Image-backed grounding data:
============================================================

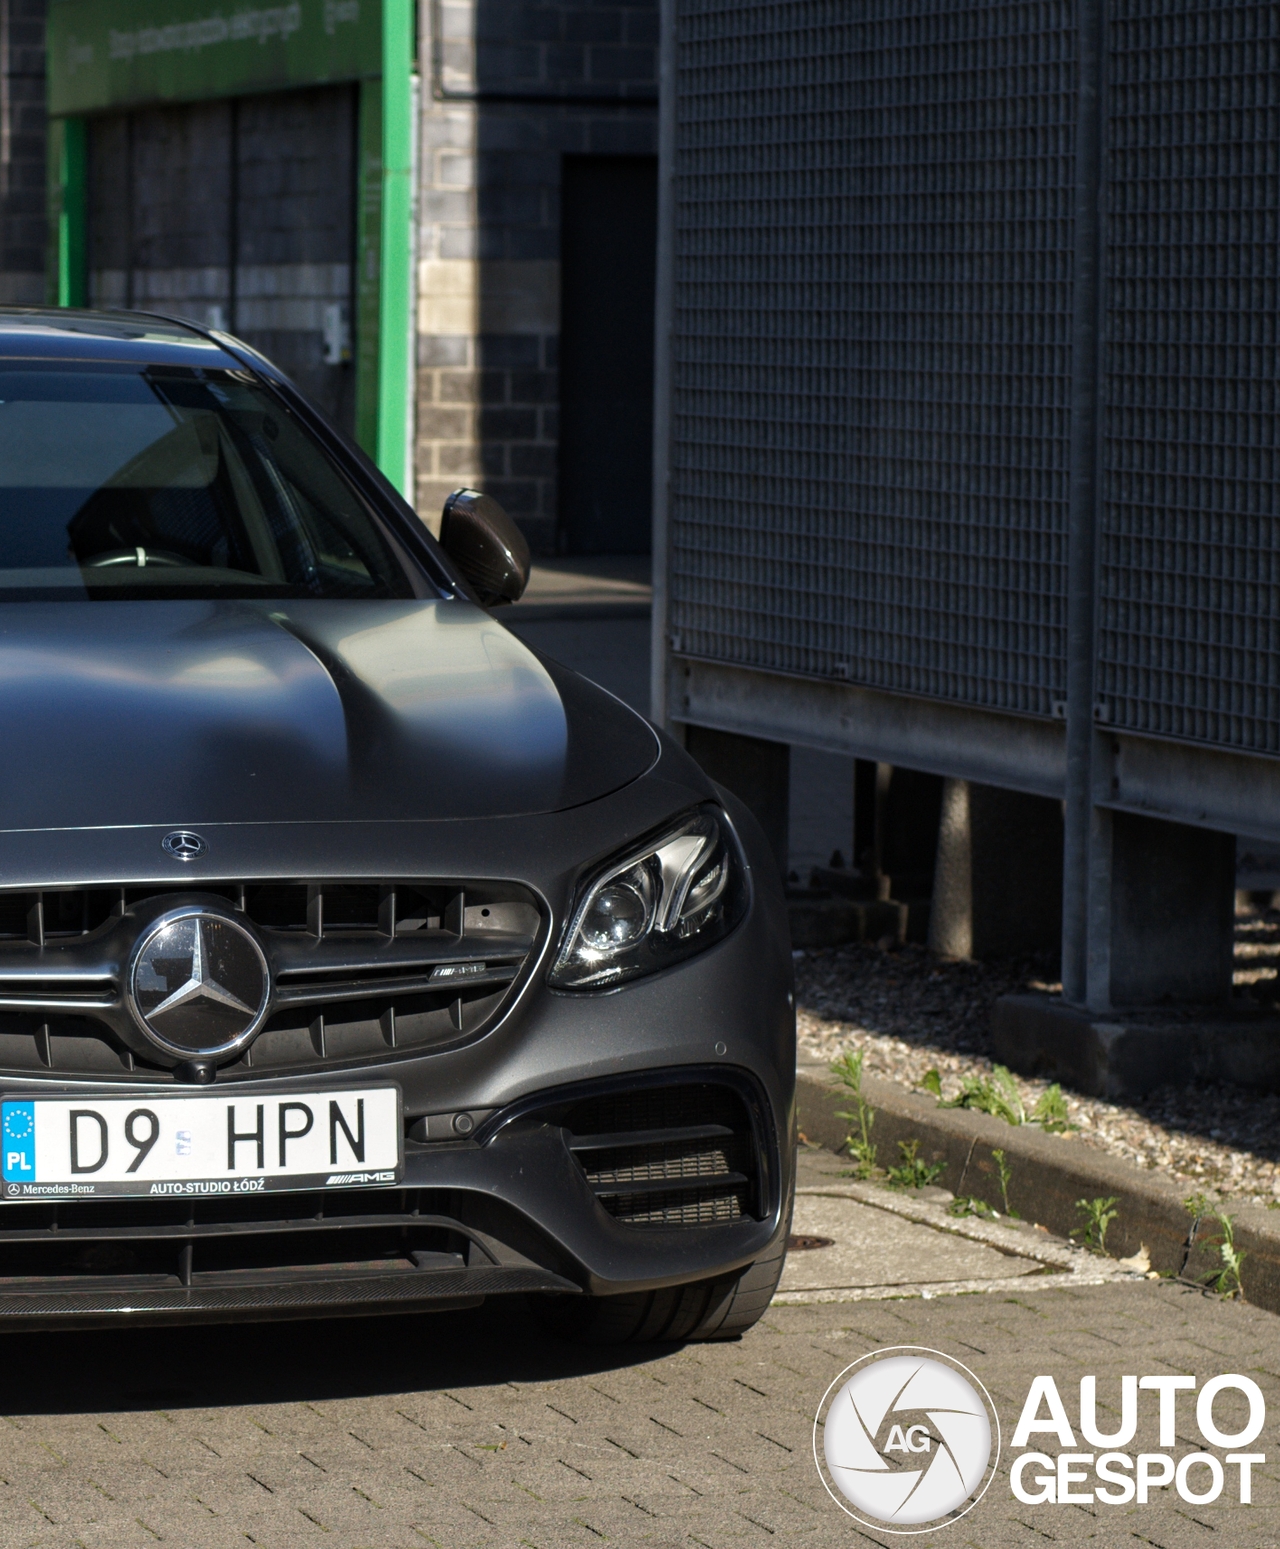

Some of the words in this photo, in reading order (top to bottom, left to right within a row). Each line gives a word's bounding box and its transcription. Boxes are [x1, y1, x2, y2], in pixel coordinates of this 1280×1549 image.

[69, 1108, 160, 1175] D9
[227, 1098, 365, 1170] HPN
[7, 1151, 32, 1171] PL
[150, 1181, 231, 1194] AUTO-STUDIO
[233, 1178, 265, 1192] ŁÓDŹ
[347, 1172, 396, 1184] AMG
[23, 1184, 95, 1195] Mercedes-Benz
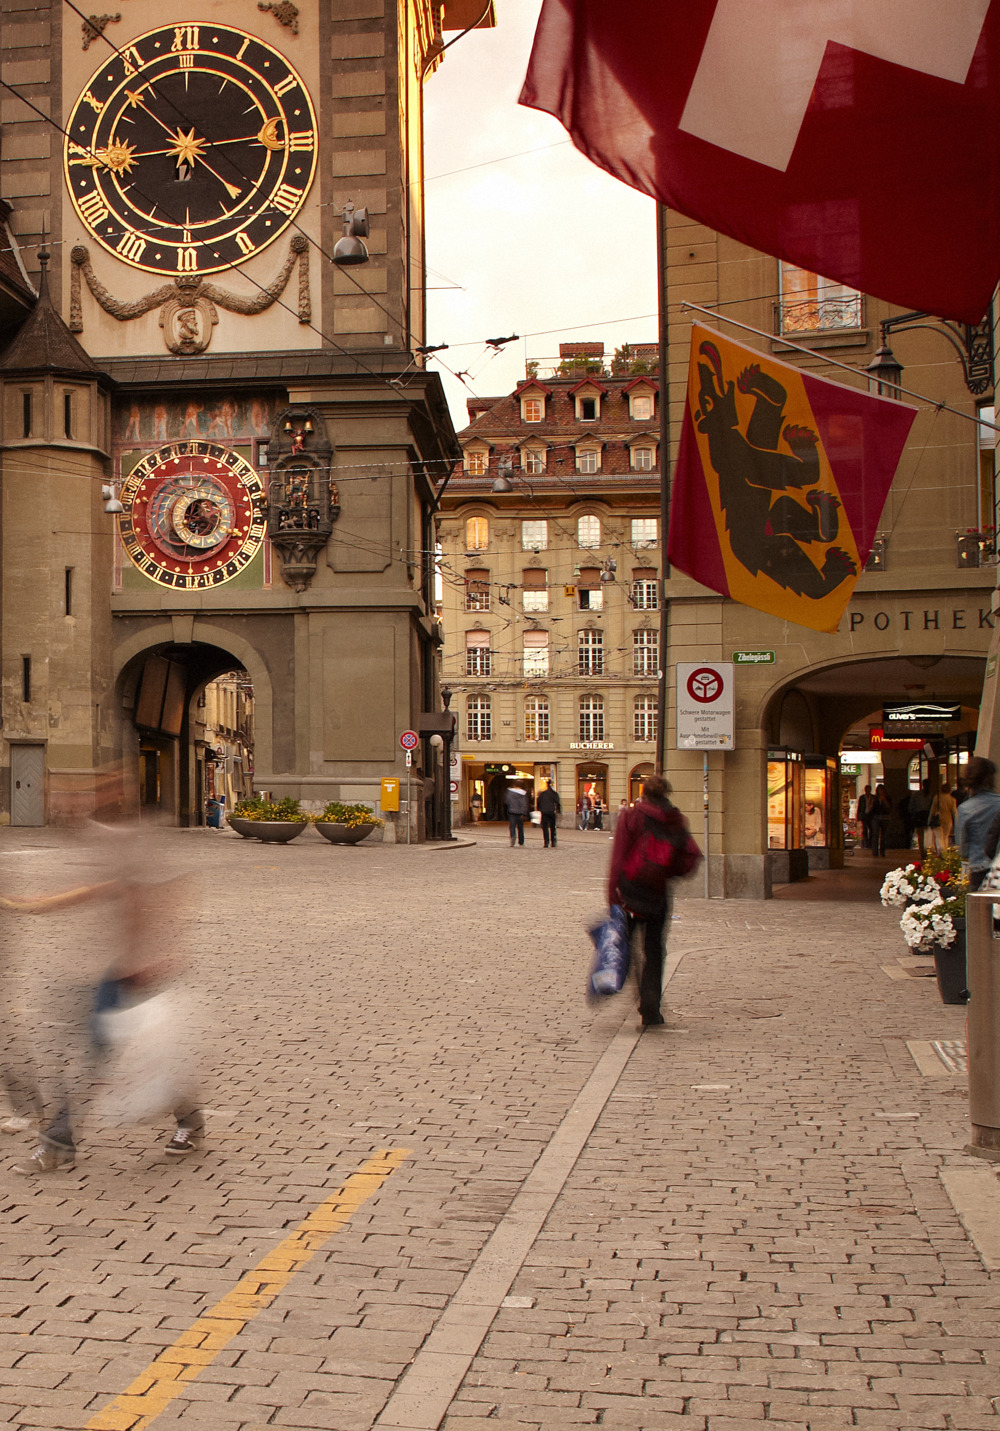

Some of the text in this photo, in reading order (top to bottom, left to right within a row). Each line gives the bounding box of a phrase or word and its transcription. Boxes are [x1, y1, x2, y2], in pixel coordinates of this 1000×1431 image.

[171, 26, 200, 51] XII
[119, 46, 145, 75] XI
[273, 73, 298, 98] II
[289, 129, 314, 152] III
[838, 608, 995, 632] POTHEK
[737, 652, 771, 663] Zibelegässli
[570, 742, 616, 750] BUCHERER
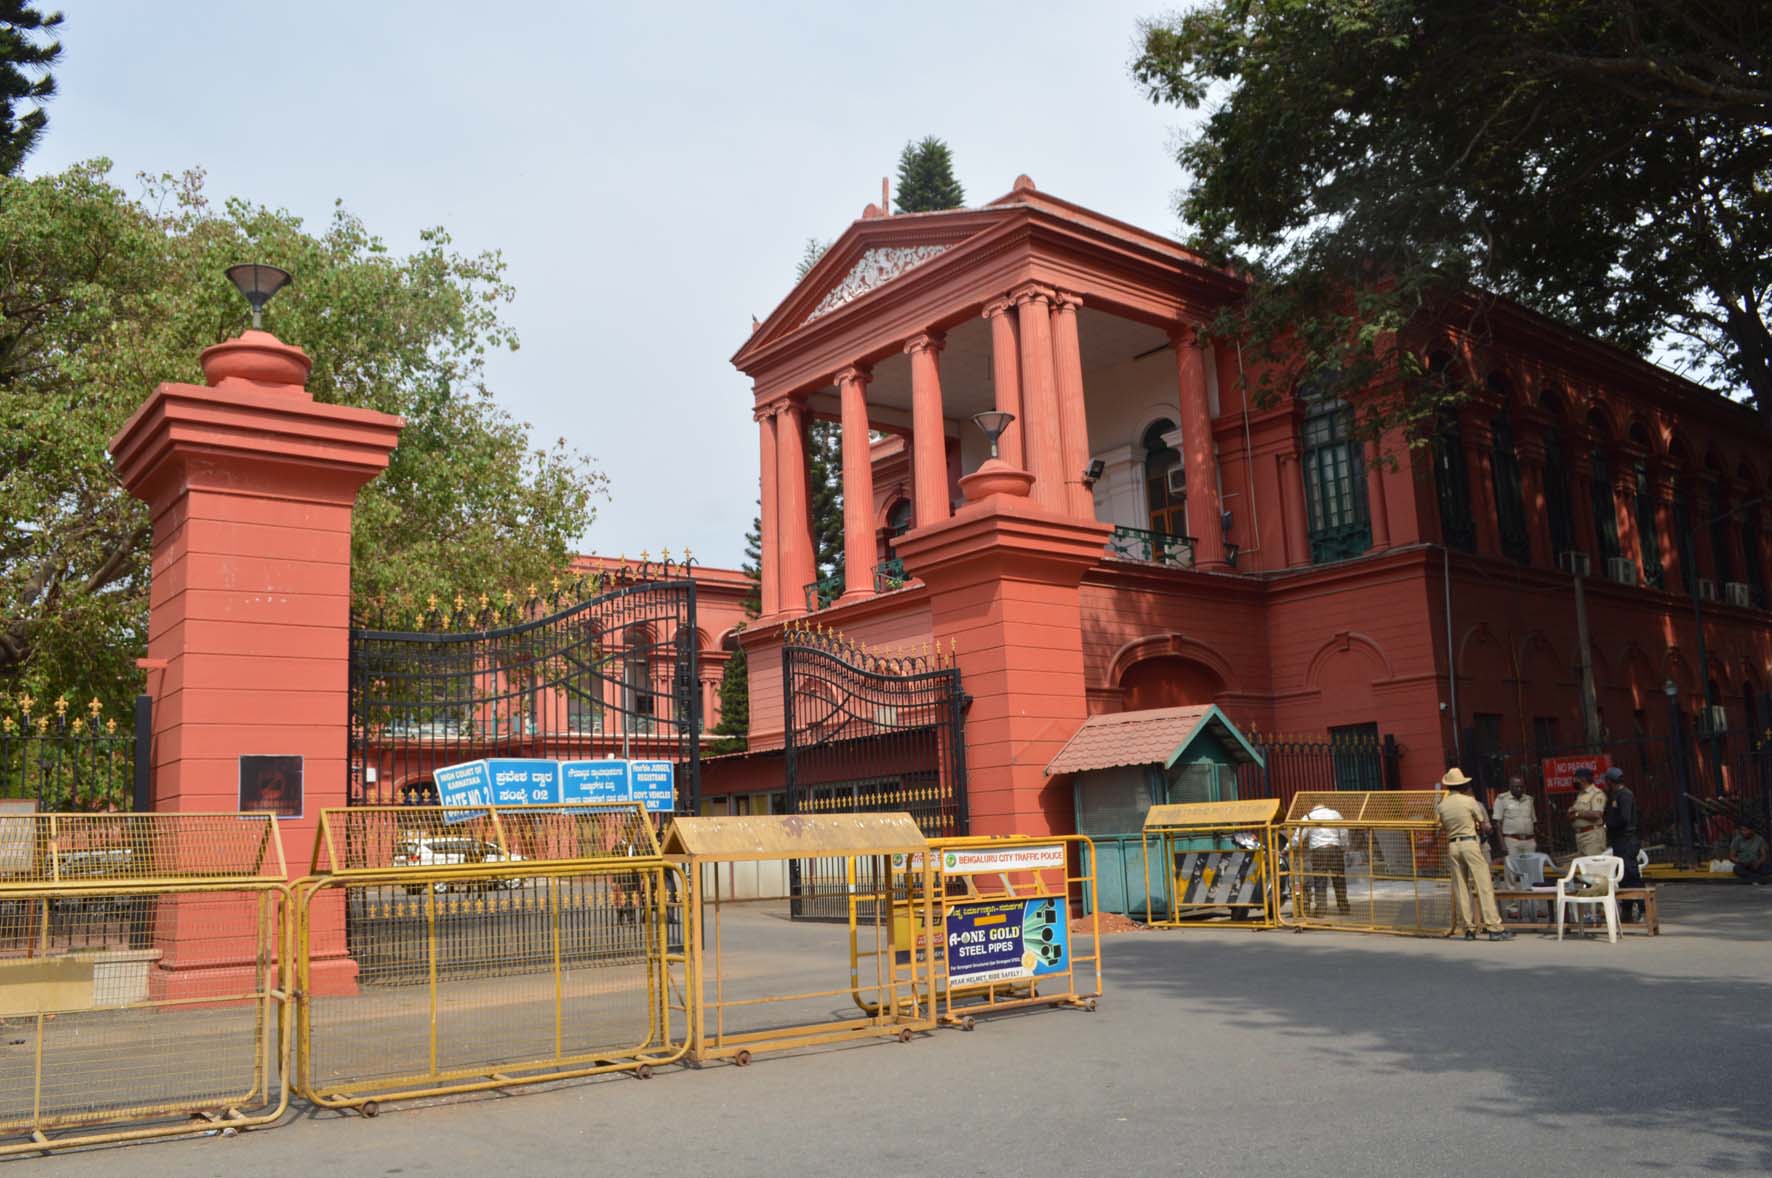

============================================================

■ What to work on: Please copy the records above word for word, omitting every picture.

■ Output for this task:
Some of the words in this photo, in reading order (top to bottom, left to right within a row). Each line gives a word's bounding box and its transcription. Boxes are [x1, y1, x2, y2], in pixel coordinates of this 1280×1549 image.

[69, 1108, 160, 1175] D9
[227, 1098, 365, 1170] HPN
[7, 1151, 32, 1171] PL
[150, 1181, 231, 1194] AUTO-STUDIO
[233, 1178, 265, 1192] ŁÓDŹ
[347, 1172, 396, 1184] AMG
[23, 1184, 95, 1195] Mercedes-Benz

Some of the text in this photo, in reading order (top to bottom, left to right within a row). Each line gives the bounding box of a phrase or word and its transcription. Boxes are [x1, y1, x2, y2], in pixel coordinates of this 1000×1431 image.

[171, 26, 200, 51] XII
[119, 46, 145, 75] XI
[273, 73, 298, 98] II
[289, 129, 314, 152] III
[838, 608, 995, 632] POTHEK
[737, 652, 771, 663] Zibelegässli
[570, 742, 616, 750] BUCHERER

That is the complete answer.